New rules make crowdfunding a form of investing

  • By Marisa Kendall The Mercury News
  • Friday, May 20, 2016 1:43pm
  • Business

When Oakland startup MegaBots needed to increase the firepower of its 15-foot-tall combat robot, it put out a call online.

The founders set up a crowdfunding campaign on Kickstarter last summer, explaining their giant robot needed to prepare for a duel with a robot in Japan.

A month later, MegaBots had raised more than $550,000 from almost 8,000 supporters.

Crowdfunding is becoming popular for early-stage startups that need capital to get off the ground.
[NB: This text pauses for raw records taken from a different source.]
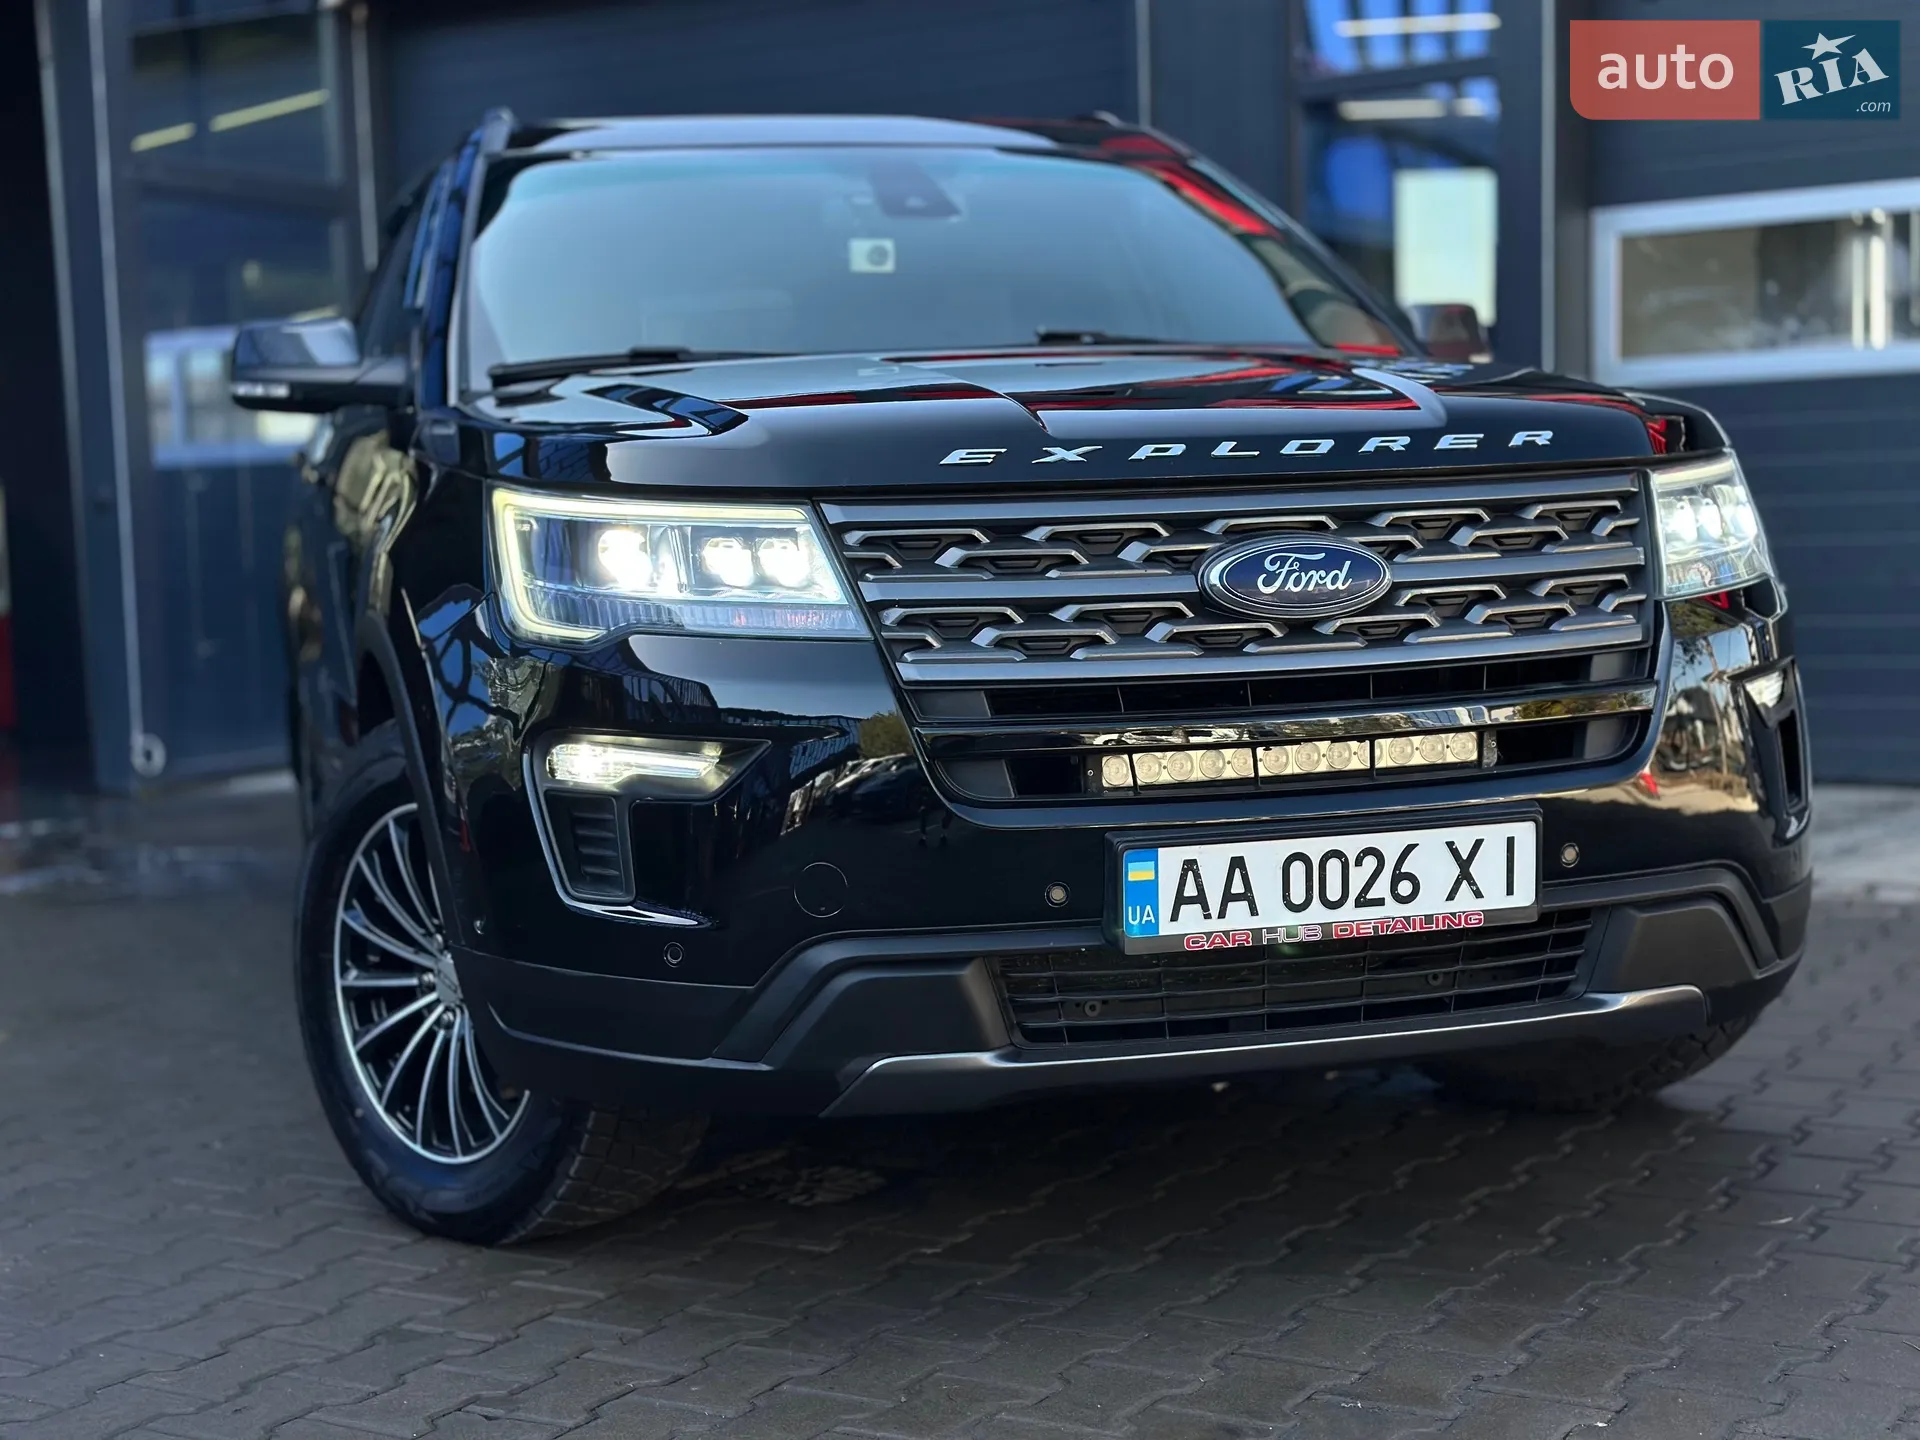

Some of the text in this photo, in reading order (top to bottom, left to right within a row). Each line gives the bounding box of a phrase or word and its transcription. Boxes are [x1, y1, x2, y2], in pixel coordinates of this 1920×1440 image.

[939, 430, 1553, 465] EXPLORER
[1257, 552, 1352, 595] Ford
[1169, 856, 1259, 922] AA
[1282, 844, 1421, 913] 0026
[1128, 905, 1155, 925] UA
[1183, 911, 1484, 951] CAR HUB DETAILING
It generates buzz and, for a few, can raise seven figures.

It may be an especially attractive option as venture capital becomes harder to secure.

Now, the crowdsourcing market may be taking off, thanks to federal regulations that expand “equity” crowdfunding.
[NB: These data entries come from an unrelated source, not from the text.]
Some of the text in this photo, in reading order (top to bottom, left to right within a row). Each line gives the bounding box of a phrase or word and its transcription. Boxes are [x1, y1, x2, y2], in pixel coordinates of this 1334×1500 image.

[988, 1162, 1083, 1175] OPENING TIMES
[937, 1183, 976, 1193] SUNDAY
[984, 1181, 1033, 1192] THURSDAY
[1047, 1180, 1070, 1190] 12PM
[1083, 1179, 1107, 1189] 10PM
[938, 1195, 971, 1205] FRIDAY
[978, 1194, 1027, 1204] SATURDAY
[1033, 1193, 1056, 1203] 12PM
Companies can raise up to $1 million a year from anyone — friends, family, neighbors, fans or strangers — and give those backers a share of the company in exchange for their investment.

Rob Solomon, CEO of charity crowdfunding platform GoFundMe, predicts equity crowdfunding is going to be “disastrous” for most inexperienced investors.

“Investing in startups and picking the right ones is really hard … even if that’s what you do for a living,” Solomon said.

In 2014 crowdfunding campaigns raised $9.46 billion in North America, and the industry had an annual growth rate of 145 percent, according to a study published last year by crowdsourcing research and advisory firm Massolution.

Crowdfunding isn’t going to replace traditional VC and angel funding anytime soon, says VLP Law Group partner David Goldenberg, who represents startups.

Venture capital firms pumped more than $27 billion into Silicon Valley last year, according to a report by the National Venture Capital Association.

“If you’re going for crowdfunding, most of the time it’s because you’ve struck out with those more traditional sources,” Goldenberg said.

Big bonus is ‘buzz’

It’s hard to raise a large chunk of cash on a crowdfunding platform — and most campaigns fail.

Only 36 percent of Kickstarter projects reach their funding goal, according to the company. When a Kickstarter campaign falls even $1 short, it gets nothing — contributors are never charged.

Experts say crowdfunding allows fans to support ideas they care about and feel like they’re connected to the company.

But those warm feelings can fade quickly if the startup takes their money and then cashes out — which happened with virtual reality company Oculus VR.

Oculus raised $2.4 million on Kickstarter in 2012 before being acquired by Facebook for $2 billion two years later. Some of the 9,500 Oculus backers complained about the deal — though they hadn’t been promised a payout or a stake in the company.

In January, Oculus pledged to ship free virtual reality headsets to its Kickstarter backers.

Founders of Flosstime say their Kickstarter campaign was about the experience as much as the money. They raised almost $53,500 from more than 1,000 backers in December for their “smart” dental floss dispenser.

The futuristic-looking machine sticks to a bathroom mirror and displays a blue “smile” when a user flosses regularly, and a red “frown” when he or she doesn’t.

The campaign gave Flosstime more publicity than a VC deal, and allowed it to connect with customers and get early feedback on the product, founder Michael Evans said.

Up in Oakland, MegaBots had a similar experience.

“The Kickstarter campaign really helped us generate awareness and connect with our most passionate fans,” co-founder Brinkley Warren said.

Last year’s campaign was MegaBots’ second try. It failed to reach a $1.8 million goal in 2014 — receiving pledges of just $65,319 — and netting nothing.

MegaBots succeeded the second time around, after reining in expectations. Since then MegaBots has raised more than $2 million in private investment, Warren said.